Эту пору так радовался Санька, что и времени на сон тратить жалел.
В солнечную ночь плывет с Анисой под парусом, сам все рассказывает:
– К этому берегу, Аниса, я лета два ходил, тебя караулил… Под этой пристанью, Аниса, я однажды ночь просидел, тебя с гулянья дожидаючи, весь от дождя перемок…
Володька Добрынин
У Архангельского города, у корабельного прибегища, жила вдова Добрыниха с сыном. Дом ей достался господский, да обиход в нем после мужа повелся сиротский. Добрыниха держала у Рыбной пристани ларек. Торговала пирогами да шаньгами, квасом да кислыми штями. Тем свою голову кормила и сына Володьку сряжала.
Володька еще при отце вырос и выучился. Кончил немецкую навигацкую школу. Знал языки и иные свободные науки. Как отца не стало, он связался с ссыльными. Они уговорили Добрынина поставить к себе в подполье типографию – печатать подкидные листы против власти и против царицы Катерины.
Володьке эта работа была по душе. Он стоял у станка, остальные пособляли.
И случилось, что один товарищ поспоровал с ними и донес властям. А полиция давно на Добрынина зубы скалила, ногти грызла.
Однажды заработались эти печатники до ночи. Вдруг сверху звонок двойной – тревога. Ниже подполья подвал был с тайным выходом в сад. Володька вывернул аншпугом половицу:
– Спасайтесь, ребята!… Лезь в тайник! А я останусь.

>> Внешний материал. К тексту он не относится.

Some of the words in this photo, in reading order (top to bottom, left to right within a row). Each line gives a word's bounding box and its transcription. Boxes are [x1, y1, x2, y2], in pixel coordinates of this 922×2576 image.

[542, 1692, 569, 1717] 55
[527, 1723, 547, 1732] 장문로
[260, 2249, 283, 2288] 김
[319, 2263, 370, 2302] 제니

Все одно человека доискиваться будут. Не сам о себе станок ходит…
Товарищи убрались, и только Добрынин половицу на место вколотил, полиция в двери:
– Один ты у станка?
– А что, вам сотню надо?
Повели Володеньку под конвоем.
Дитятка за ручку, матку за сердечко.
Плачет, как река течет. А сын говорит:
– Не плачь, маменька! За правое дело стою смело.
Конвойный рассмехнулся:
– Какое же твое правое дело, мышь подпольная?
Володька ему:
– Ничего, дождемся поры, дак и мы из норы.

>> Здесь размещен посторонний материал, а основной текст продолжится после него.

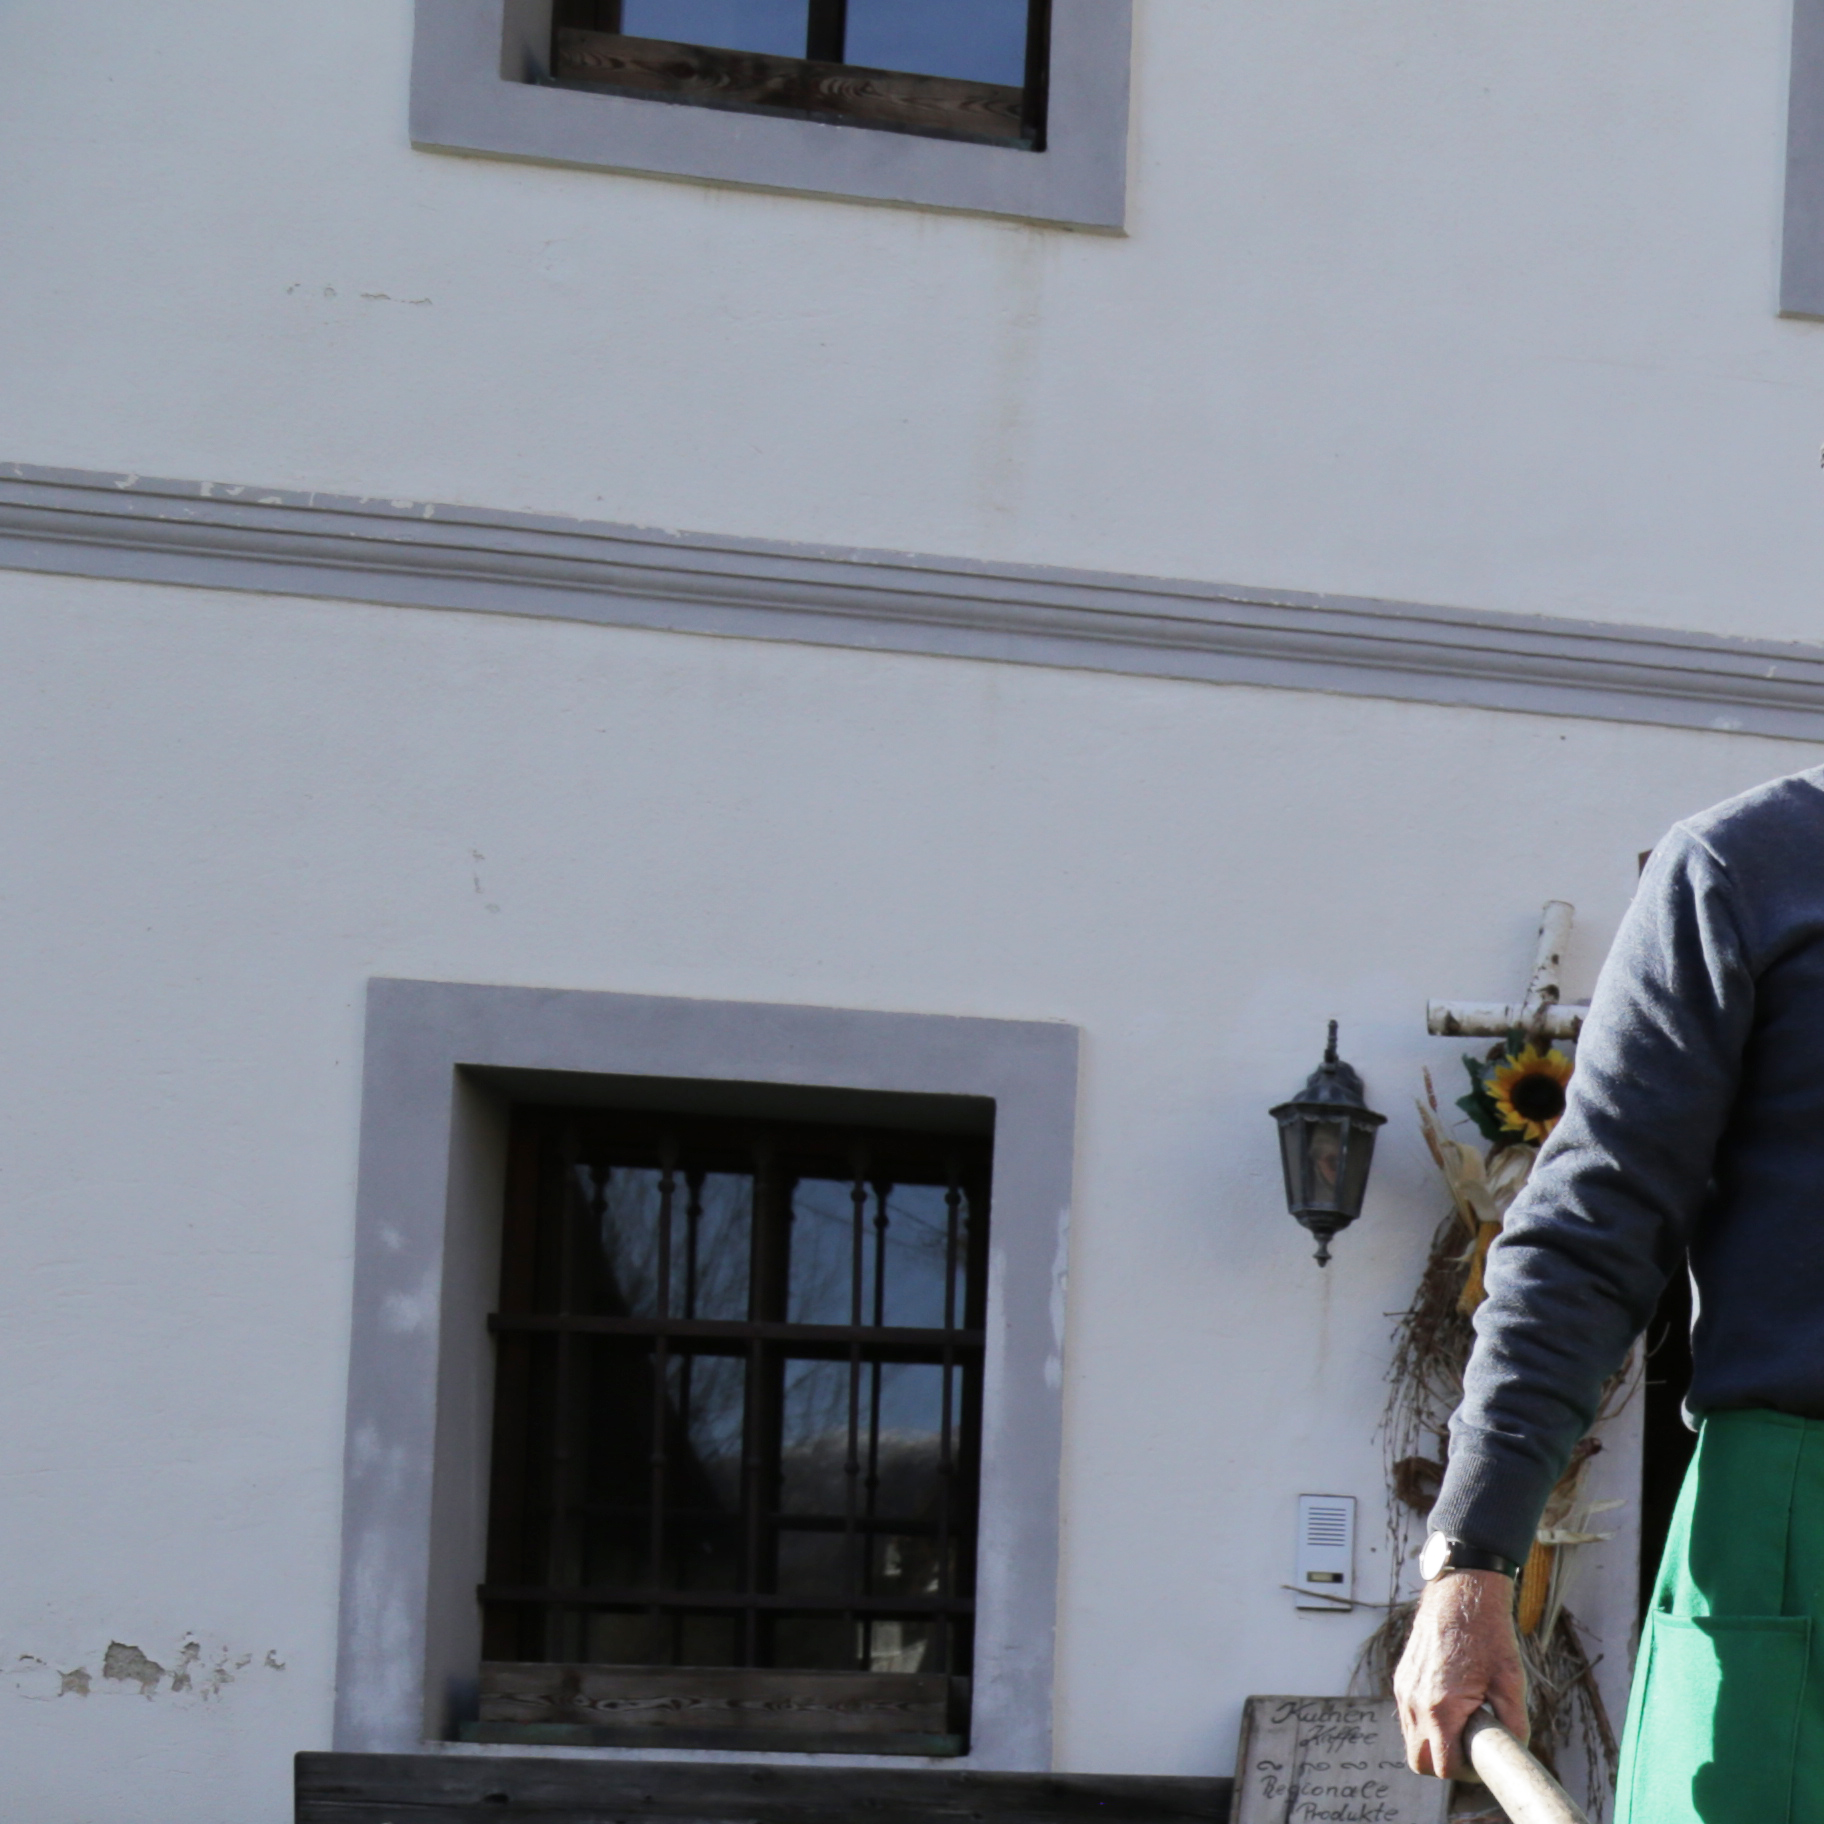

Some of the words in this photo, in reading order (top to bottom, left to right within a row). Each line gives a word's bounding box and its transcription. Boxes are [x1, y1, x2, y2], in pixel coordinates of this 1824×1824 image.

Его отдали в арестантские роты, где сидели матросы.
Близ рот на острове жил комендант. Дочь его Марина часто ходила в роты, носила милостыну. И сразу нового арестанта, кручинного, печального, оприметила, послала няньку с поклоном, подошла сама с разговором.
Бывало, за ужином отцу все вызвонит, что за день видела да слышала, а про Володьку неделю помалкивала. До этой поры, до семнадцати годов, не глядела на кавалеров, а Добрынин сразу на сердце присел. Раз полдесятка поговорила с ним, а дальше и запечалилась. От няньки секретов не держала, – старуха не велела больше в роты ходить, молодцов смотреть.
Отец Маринин, как на грех, в это время дочери учителя подыскивал. Люди ему и насоветовали Володьку:
– Не опущайте такого случая. Против Добрынина мало в Архангельском городе ученых. Молодец учтивой и деликатной. Суд когда-то соберется. До тех пор ваша дочь пользу возьмет.
Не хватило у Маринки силушки отказаться от учителя. Зачал Володька трижды в неделю ходить к коменданту на квартиру. Благодарно смотрел он на ученицу, но почитал ее дитятею.
Дни за днями пошли, и внимательная ученица убедилась, что глаза учителя опять рассеянны и печальны. Люто и ненавистно Володьке возвращенье в роты. Уж очень быстролетные часы свободы. О полной воле затосковал. Бывало, придет, рассмехнется, а теперь – как мать умерла у маленького мальчика.
Нянька спросит по Марининому наученью:
– Опять видна печаль по ясным очам, кручина по белу лицу. Что-то от нас прячешь, Володенька.
– Ох, нянюшка, думу в кандалы не забьешь!
Лету конец заприходил. Скоро суд и конец Марининому ученью.
Смотрит бедный учитель в окно. Не слышит, что читает девочка. За окном острова беспредельная ширь устья двинского, а там море и воля.
Нянька говорит:
– С вашей читки голову разломит. Вышли бы вы, молодежь, на угор.
Володька говорит:
– Меня вдаль караульны не пустят.
– С лодкой не пустят, а пеших не задержат, кругом вода.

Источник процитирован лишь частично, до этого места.